Come emerge oggi dalla ricerca scientifica, in particolare dalla biologia evoluzionistica, dalle biotecnologie, dalle neuroscienze, dalle scienze informatiche, la questione antropologica, cioè la domanda sull’uomo, sulla natura umana? Questo tema è stato messo a fuoco dall’autore nell’ambito di un corso di formazione per docenti (
Natura e persona nell’epoca delle tecnoscienze) che poneva come ipotesi di lavoro l’idea che «l’identità dell’uomo non si individua attraverso un metodo di pensiero che rende l’uomo cosa, oggetto; si coglie piuttosto attraverso una narrazione dei fatti e degli atti che lo hanno generato e che prevediamo lo generino in futuro».

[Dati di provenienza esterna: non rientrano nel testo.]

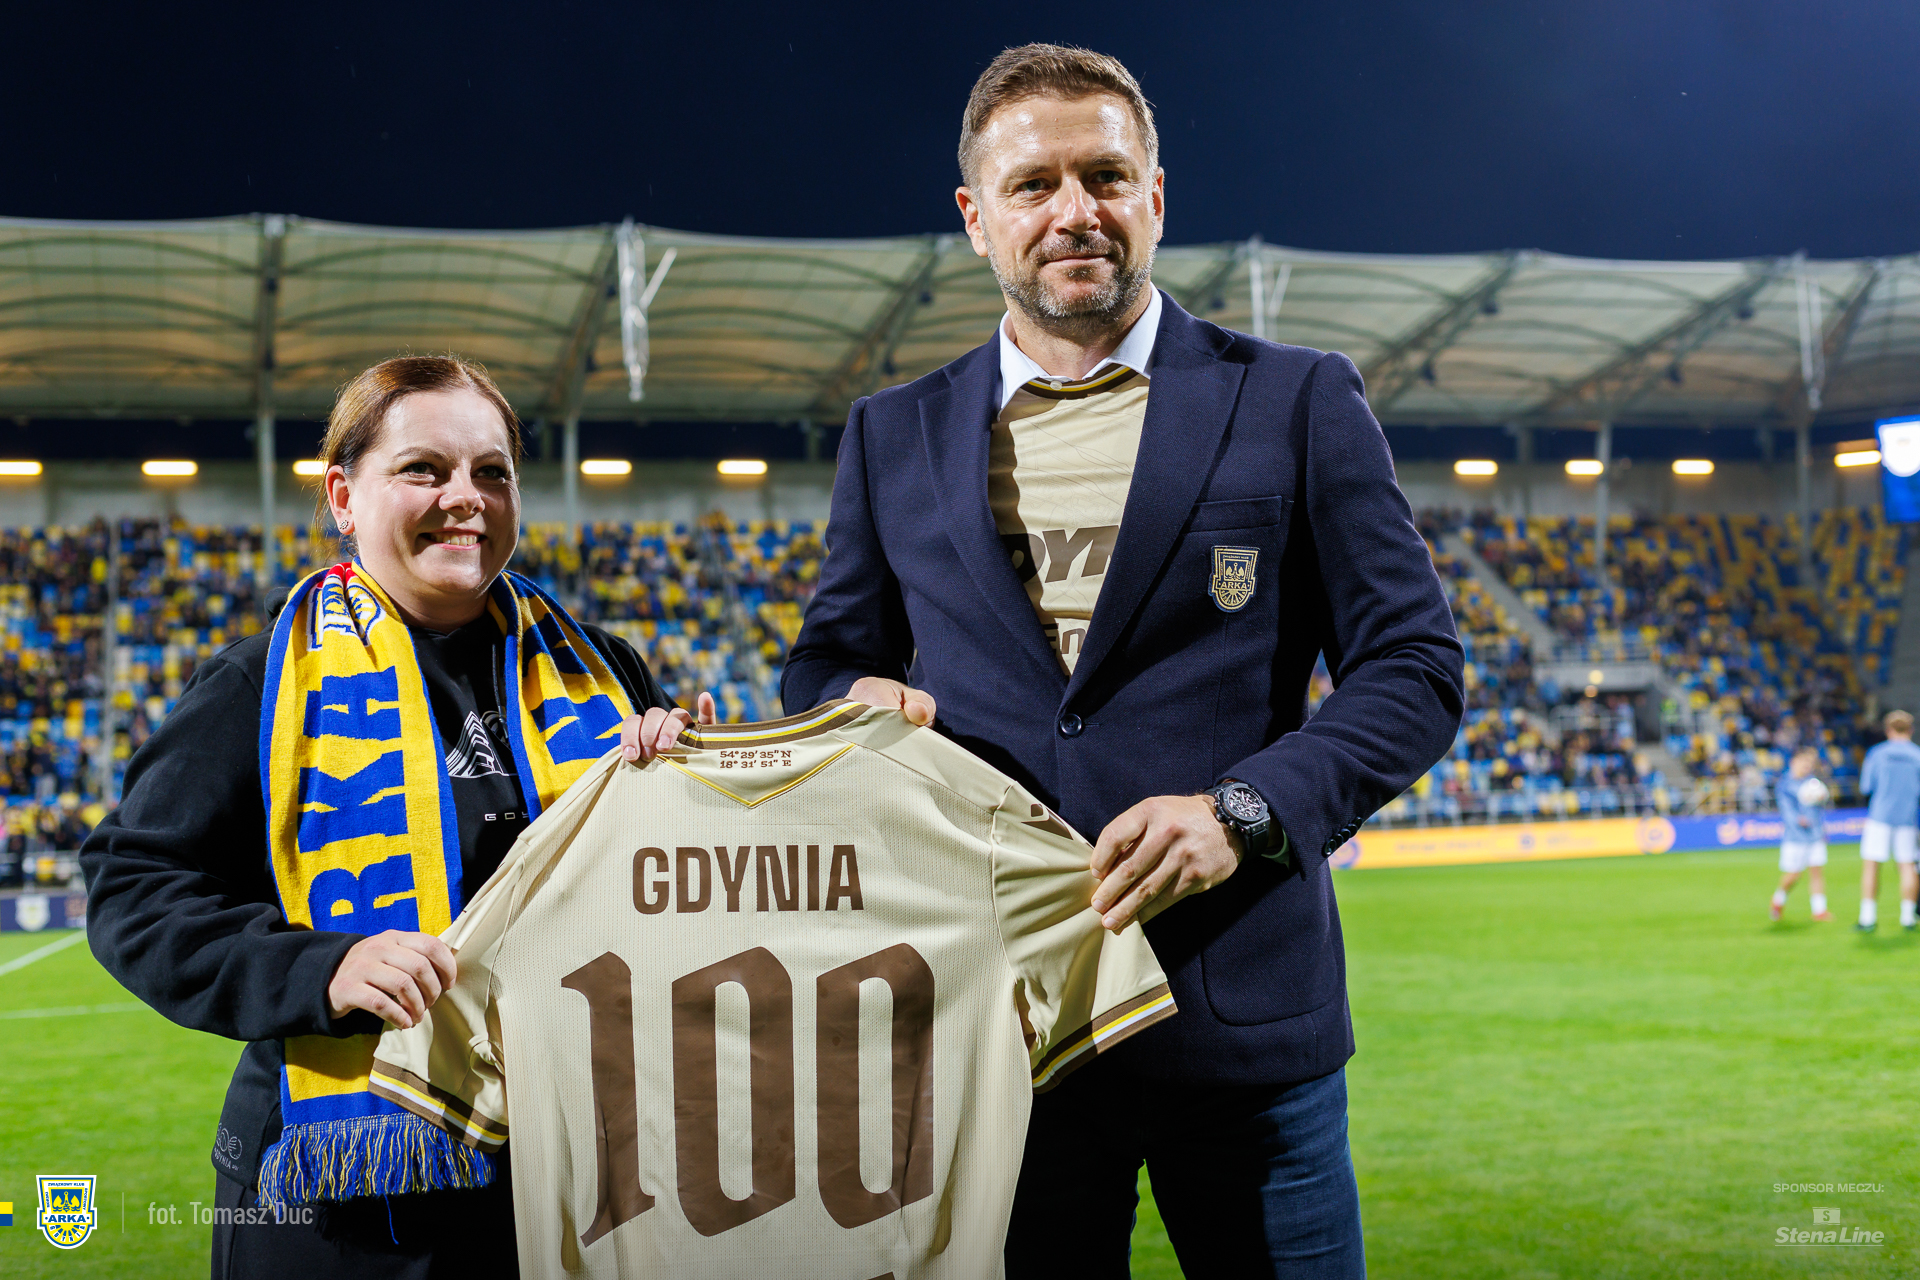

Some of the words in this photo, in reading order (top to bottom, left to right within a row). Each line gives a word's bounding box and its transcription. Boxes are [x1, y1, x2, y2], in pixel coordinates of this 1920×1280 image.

[1221, 581, 1248, 590] ARKA
[632, 844, 864, 915] GDYNIA
[561, 942, 935, 1249] 100
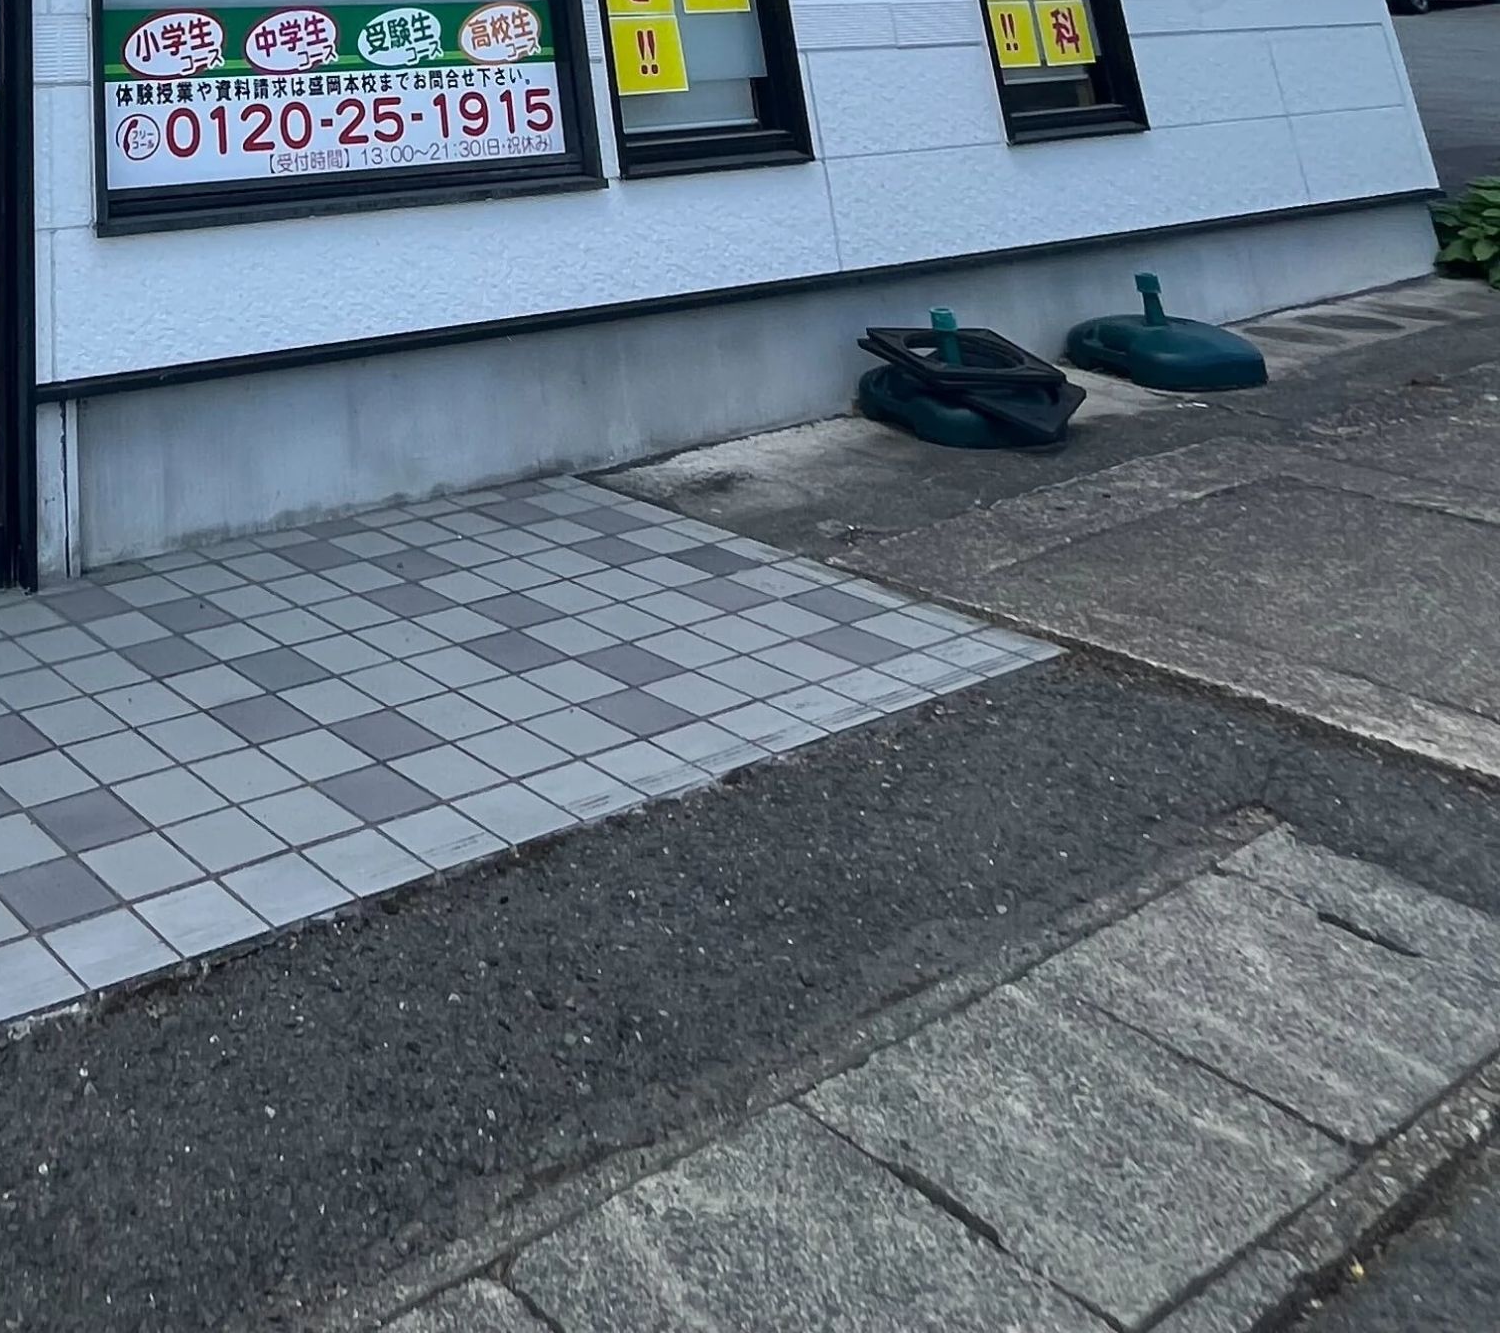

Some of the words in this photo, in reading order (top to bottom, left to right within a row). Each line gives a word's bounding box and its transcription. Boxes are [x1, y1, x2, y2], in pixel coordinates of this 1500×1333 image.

[135, 17, 215, 63] 小学生
[254, 14, 329, 58] 中学生
[365, 11, 435, 55] 受験生
[467, 9, 533, 51] 高校生
[506, 38, 540, 59] コース
[180, 47, 224, 73] コース
[297, 44, 337, 68] コース
[405, 40, 442, 63] コース
[115, 67, 531, 107] 体験授業や資料請求は盛岡本校までお問合せ下さい。
[165, 88, 554, 158] 0120-25-1915
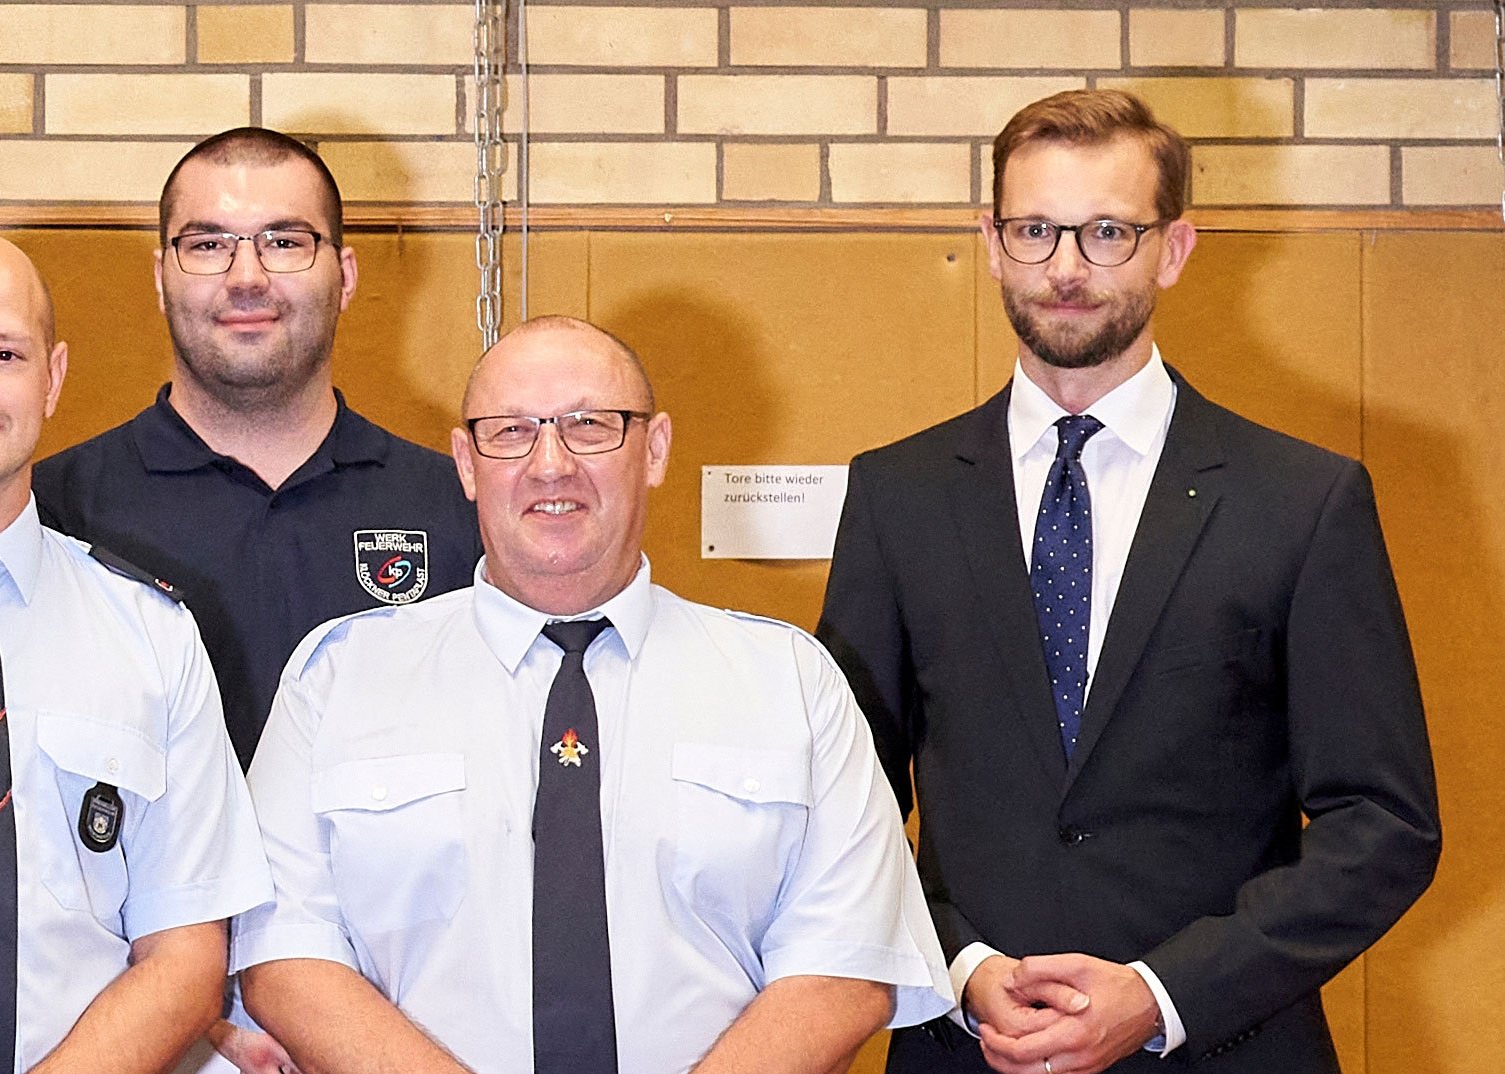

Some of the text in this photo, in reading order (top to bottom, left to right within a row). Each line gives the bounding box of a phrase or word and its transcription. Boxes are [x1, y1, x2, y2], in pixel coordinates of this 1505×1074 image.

[725, 472, 823, 485] Tore bitte wieder
[724, 491, 805, 503] zurückstellen!
[374, 533, 407, 543] WERK
[358, 541, 424, 553] FEUERWEHR
[388, 565, 403, 580] kp

Così, nel ricuperare le caratteristiche dell’uomo dalla storia che lo ha generato, siamo condotti a riflettere sulla strada che ha portato fino a noi, e a cercare in questa strada gli elementi caratteristici dell’identità umana per chiederci anche dove sta andando l’uomo.
Noi abitiamo un pianeta che rappresenta una parte infinitesima del cosmo: un pianeta abitato tuttavia da esseri che sono stati capaci, con la loro tecnologia, di vedere l’inizio del tutto.
La stessa scienza quindi che ci aveva relegato in un angolo infinitesimo del cosmo, facendoci vedere l’inizio del tutto ci rimette vicino al principio di tutto, ci riallaccia strettamente alla domanda delle domande: perché esiste il tutto, e io cosa sono? E poi come è andata la storia della vita?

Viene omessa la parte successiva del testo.